++++ Exercise data ++++
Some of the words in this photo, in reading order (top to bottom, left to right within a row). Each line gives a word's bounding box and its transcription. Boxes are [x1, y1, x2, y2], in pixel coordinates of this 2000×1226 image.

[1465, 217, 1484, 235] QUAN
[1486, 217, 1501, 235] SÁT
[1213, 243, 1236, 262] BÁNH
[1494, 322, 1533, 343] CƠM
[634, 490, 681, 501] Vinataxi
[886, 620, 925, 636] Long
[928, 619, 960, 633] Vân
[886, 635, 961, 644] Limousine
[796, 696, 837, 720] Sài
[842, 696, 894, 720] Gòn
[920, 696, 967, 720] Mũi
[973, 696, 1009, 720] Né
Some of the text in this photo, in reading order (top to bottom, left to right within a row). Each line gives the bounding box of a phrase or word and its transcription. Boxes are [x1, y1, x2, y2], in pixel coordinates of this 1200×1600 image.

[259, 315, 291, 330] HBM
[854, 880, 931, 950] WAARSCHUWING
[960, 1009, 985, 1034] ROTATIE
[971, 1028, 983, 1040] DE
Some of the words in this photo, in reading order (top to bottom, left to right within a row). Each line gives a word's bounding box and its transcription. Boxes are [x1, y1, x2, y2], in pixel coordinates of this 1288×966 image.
++++
> _Exercise_: Locate "Some of the text" in the data above. Then repeat, exactly, its line and each line after it through the last, adding nothing.

> _Result for this task_:
Some of the text in this photo, in reading order (top to bottom, left to right within a row). Each line gives the bounding box of a phrase or word and its transcription. Boxes are [x1, y1, x2, y2], in pixel coordinates of this 1200×1600 image.

[259, 315, 291, 330] HBM
[854, 880, 931, 950] WAARSCHUWING
[960, 1009, 985, 1034] ROTATIE
[971, 1028, 983, 1040] DE
Some of the words in this photo, in reading order (top to bottom, left to right within a row). Each line gives a word's bounding box and its transcription. Boxes are [x1, y1, x2, y2], in pixel coordinates of this 1288×966 image.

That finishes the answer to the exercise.